How to complete this task: Output the entries that follow character for character. Leave every image out.

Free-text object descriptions
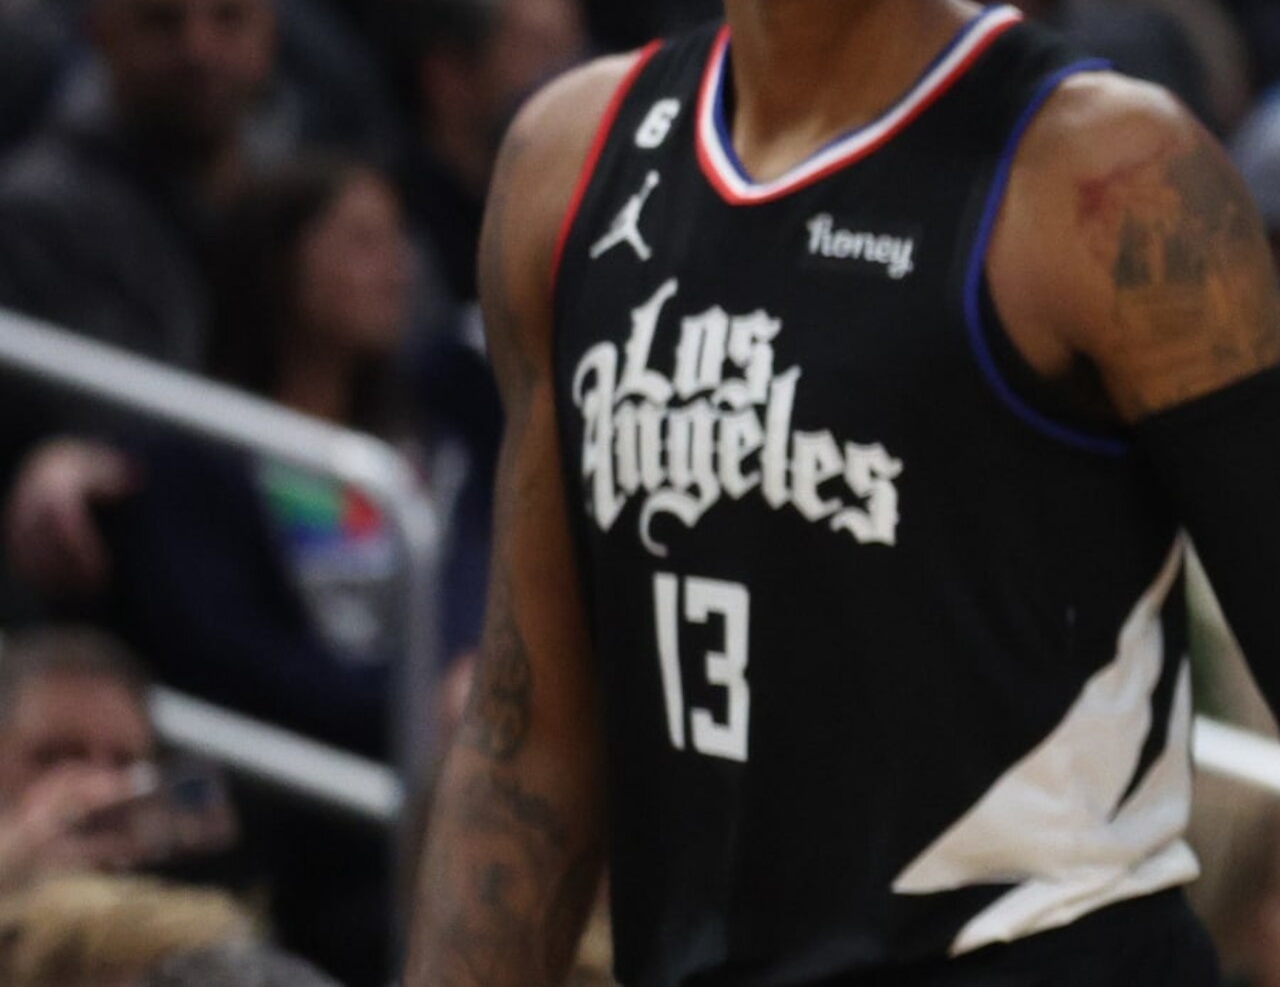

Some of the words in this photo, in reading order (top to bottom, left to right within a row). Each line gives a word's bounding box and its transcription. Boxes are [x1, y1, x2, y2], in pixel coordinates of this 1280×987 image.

[635, 98, 680, 150] 6
[806, 212, 914, 279] honey
[612, 277, 782, 411] Los
[572, 341, 903, 558] Angeles
[652, 572, 751, 764] 13

Exercise response:
Some of the words in this photo, in reading order (top to bottom, left to right within a row). Each line gives a word's bounding box and its transcription. Boxes are [x1, y1, x2, y2], in pixel coordinates of this 1280×987 image.

[635, 98, 680, 150] 6
[806, 212, 914, 279] honey
[612, 277, 782, 411] Los
[572, 341, 903, 558] Angeles
[652, 572, 751, 764] 13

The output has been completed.